*Task description:* The entries that follow need to be printed exactly as they are, minus any pictures.

*Data supplied:*
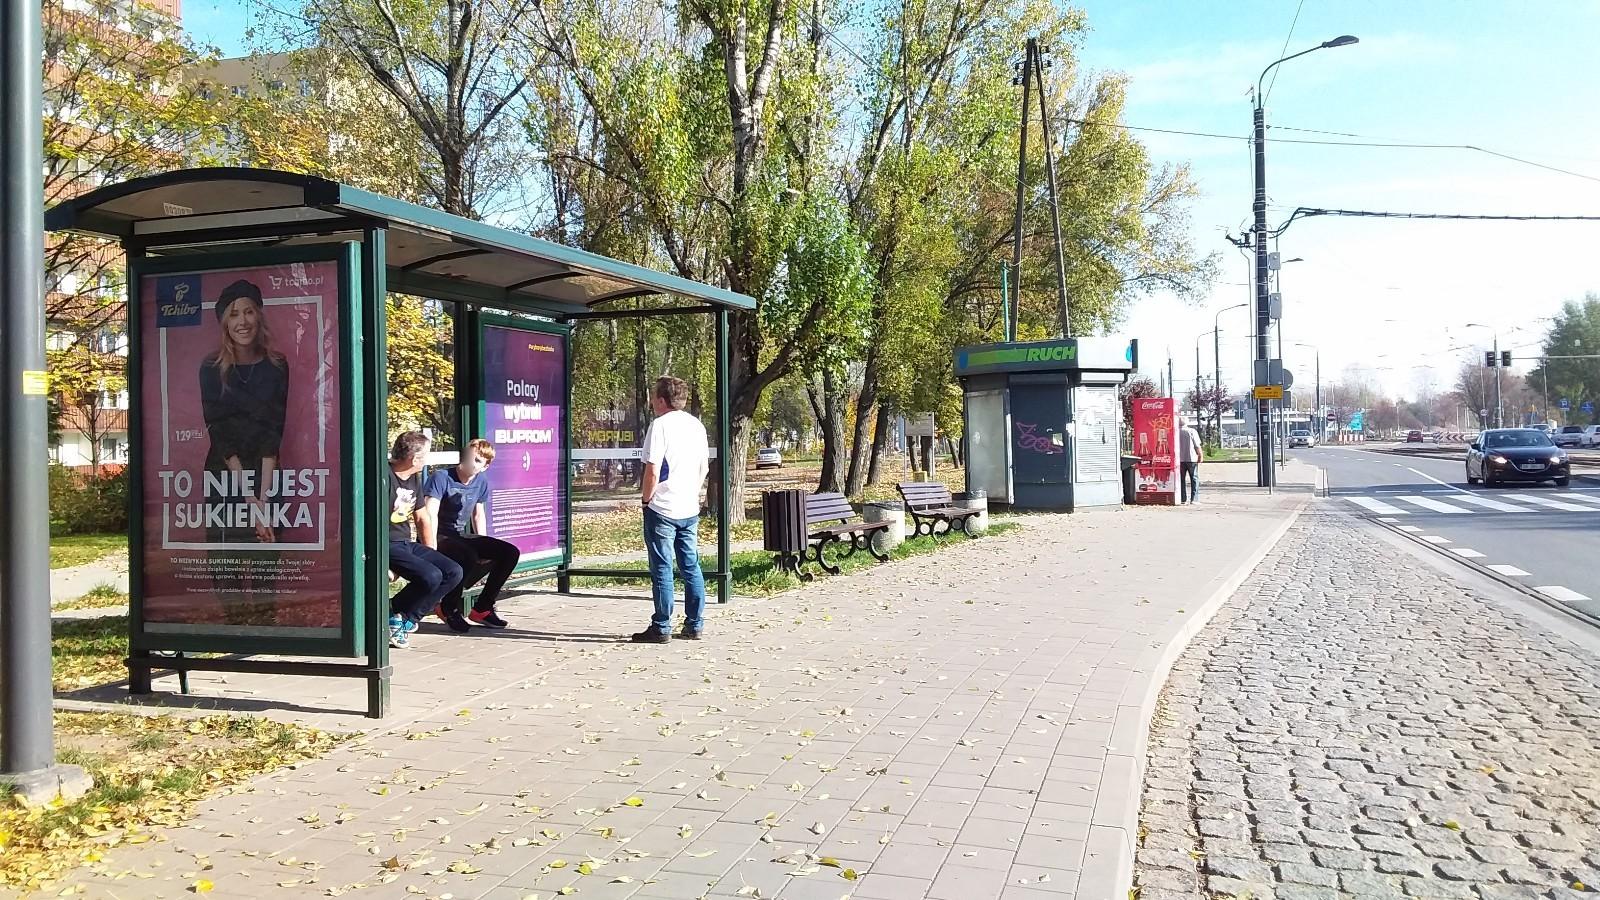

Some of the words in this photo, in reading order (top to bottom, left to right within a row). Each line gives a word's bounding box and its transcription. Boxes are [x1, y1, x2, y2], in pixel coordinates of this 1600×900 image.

[161, 304, 200, 317] Tchibo
[1027, 346, 1076, 362] RUCH
[507, 379, 540, 401] Polacy
[504, 402, 542, 424] wybrali
[175, 430, 191, 442] 129
[494, 429, 552, 444] IBUPROM
[158, 470, 193, 498] TO
[203, 469, 256, 497] NIE
[265, 468, 330, 498] JEST
[174, 502, 314, 529] SUKIENKA

*Solution to this exercise:*
Some of the words in this photo, in reading order (top to bottom, left to right within a row). Each line gives a word's bounding box and its transcription. Boxes are [x1, y1, x2, y2], in pixel coordinates of this 1600×900 image.

[161, 304, 200, 317] Tchibo
[1027, 346, 1076, 362] RUCH
[507, 379, 540, 401] Polacy
[504, 402, 542, 424] wybrali
[175, 430, 191, 442] 129
[494, 429, 552, 444] IBUPROM
[158, 470, 193, 498] TO
[203, 469, 256, 497] NIE
[265, 468, 330, 498] JEST
[174, 502, 314, 529] SUKIENKA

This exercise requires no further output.